(Phrase grounding data)

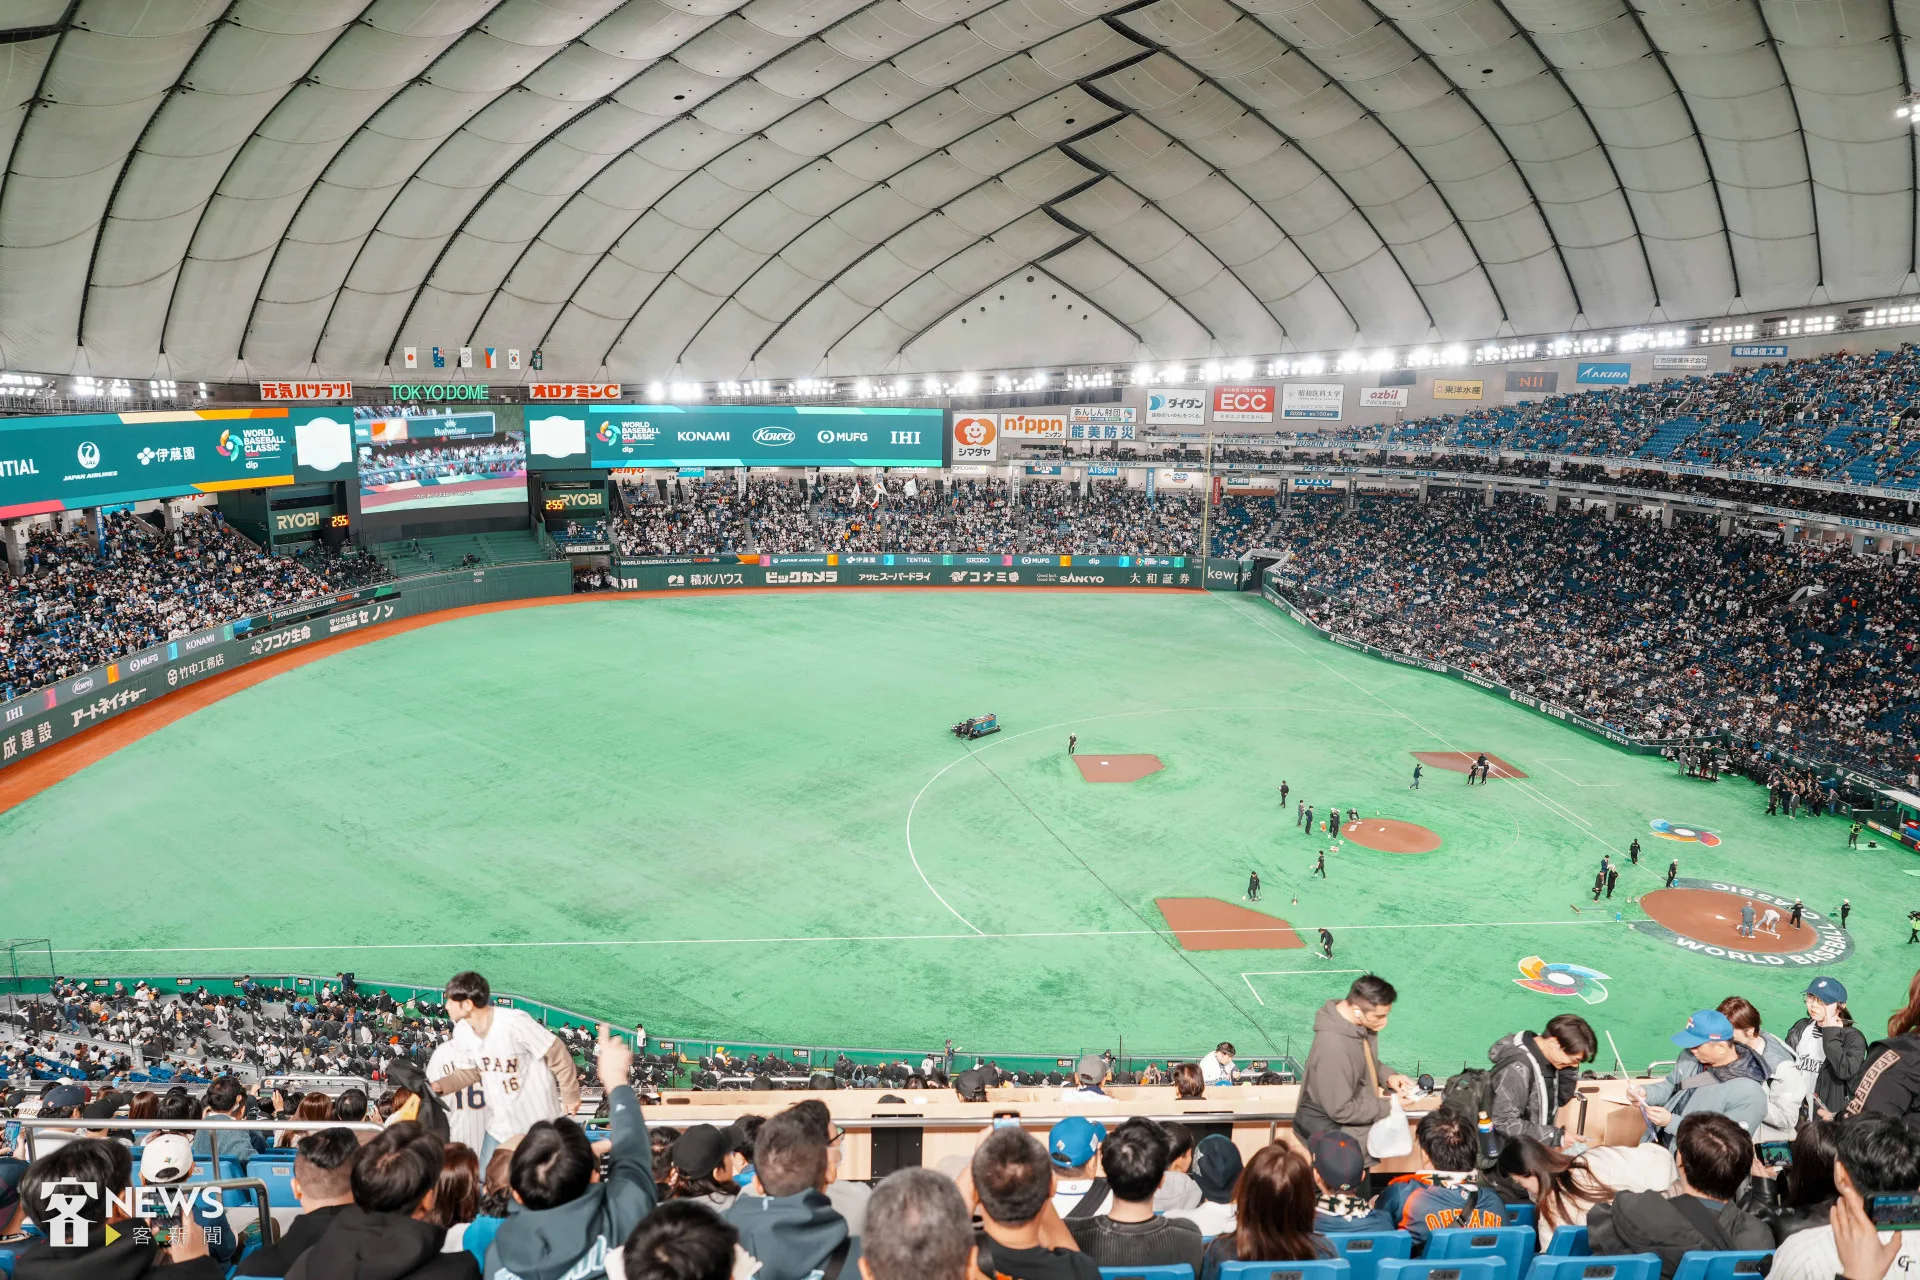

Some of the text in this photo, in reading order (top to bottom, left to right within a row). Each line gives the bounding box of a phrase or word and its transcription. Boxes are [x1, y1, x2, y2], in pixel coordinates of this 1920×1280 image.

[1734, 346, 1785, 356] 電協通信工業
[1592, 371, 1628, 379] AKIRA
[262, 382, 351, 399] 元気ハツラツ!
[389, 384, 489, 401] TOKYO DOME
[532, 384, 620, 399] オロナミンC
[1370, 389, 1399, 400] azbil
[1444, 385, 1481, 395] 東洋水産
[1168, 398, 1204, 409] ダイダン
[1220, 393, 1267, 410] ECC
[1074, 408, 1121, 417] あんしん財団
[1004, 415, 1063, 434] nippn
[243, 429, 274, 438] WORLD
[677, 431, 730, 442] KONAMI
[756, 429, 794, 441] Kowa
[836, 432, 868, 442] MUFG
[890, 430, 921, 445] IHI
[1071, 425, 1134, 440] 能美防災
[244, 435, 286, 445] BASEBALL
[154, 446, 196, 463] 伊藤園
[244, 443, 280, 453] CLASSIC
[622, 446, 634, 454] dip
[958, 447, 991, 457] シマダヤ
[245, 460, 259, 470] dip
[63, 470, 118, 481] JAPAN AIRLINES
[561, 493, 602, 507] RYOBI
[276, 511, 320, 530] RYOBI
[1088, 557, 1100, 565] dip
[689, 573, 744, 586] 積水ハウス
[765, 570, 838, 584] ビックカメラ
[858, 571, 932, 581] アサヒスーパードライ
[969, 571, 1007, 583] コナミ
[1059, 572, 1105, 583] SANKYO
[1130, 573, 1190, 585] 大和証券
[1207, 566, 1252, 585] kewpie
[275, 609, 292, 619] WORLD
[292, 604, 316, 615] BASEBALL
[316, 598, 337, 608] CLASSIC
[337, 593, 352, 602] TOKYO
[359, 604, 394, 624] セノン
[186, 633, 215, 651] KONAMI
[264, 626, 311, 652] フコク生命
[140, 653, 159, 667] MUFG
[179, 653, 225, 680] 竹中工務店
[1392, 654, 1448, 673] Tombow トンボ鉛筆
[74, 679, 94, 693] Kowa
[1468, 676, 1494, 689] DUNLOP
[5, 705, 24, 722] IHI
[71, 687, 147, 728] アートネイチャー
[3, 721, 53, 760] 成建設
[1676, 883, 1847, 966] WORLD BASEBALL CASSIC
[473, 1056, 518, 1073] PAN
[502, 1076, 520, 1094] 16
[455, 1081, 486, 1109] 16

Activity:
An exact copy of all the records, free of pictures, is the expected answer.

Exercise output:
Some of the text in this photo, in reading order (top to bottom, left to right within a row). Each line gives the bounding box of a phrase or word and its transcription. Boxes are [x1, y1, x2, y2], in pixel coordinates of this 1920×1280 image.

[1734, 346, 1785, 356] 電協通信工業
[1592, 371, 1628, 379] AKIRA
[262, 382, 351, 399] 元気ハツラツ!
[389, 384, 489, 401] TOKYO DOME
[532, 384, 620, 399] オロナミンC
[1370, 389, 1399, 400] azbil
[1444, 385, 1481, 395] 東洋水産
[1168, 398, 1204, 409] ダイダン
[1220, 393, 1267, 410] ECC
[1074, 408, 1121, 417] あんしん財団
[1004, 415, 1063, 434] nippn
[243, 429, 274, 438] WORLD
[677, 431, 730, 442] KONAMI
[756, 429, 794, 441] Kowa
[836, 432, 868, 442] MUFG
[890, 430, 921, 445] IHI
[1071, 425, 1134, 440] 能美防災
[244, 435, 286, 445] BASEBALL
[154, 446, 196, 463] 伊藤園
[244, 443, 280, 453] CLASSIC
[622, 446, 634, 454] dip
[958, 447, 991, 457] シマダヤ
[245, 460, 259, 470] dip
[63, 470, 118, 481] JAPAN AIRLINES
[561, 493, 602, 507] RYOBI
[276, 511, 320, 530] RYOBI
[1088, 557, 1100, 565] dip
[689, 573, 744, 586] 積水ハウス
[765, 570, 838, 584] ビックカメラ
[858, 571, 932, 581] アサヒスーパードライ
[969, 571, 1007, 583] コナミ
[1059, 572, 1105, 583] SANKYO
[1130, 573, 1190, 585] 大和証券
[1207, 566, 1252, 585] kewpie
[275, 609, 292, 619] WORLD
[292, 604, 316, 615] BASEBALL
[316, 598, 337, 608] CLASSIC
[337, 593, 352, 602] TOKYO
[359, 604, 394, 624] セノン
[186, 633, 215, 651] KONAMI
[264, 626, 311, 652] フコク生命
[140, 653, 159, 667] MUFG
[179, 653, 225, 680] 竹中工務店
[1392, 654, 1448, 673] Tombow トンボ鉛筆
[74, 679, 94, 693] Kowa
[1468, 676, 1494, 689] DUNLOP
[5, 705, 24, 722] IHI
[71, 687, 147, 728] アートネイチャー
[3, 721, 53, 760] 成建設
[1676, 883, 1847, 966] WORLD BASEBALL CASSIC
[473, 1056, 518, 1073] PAN
[502, 1076, 520, 1094] 16
[455, 1081, 486, 1109] 16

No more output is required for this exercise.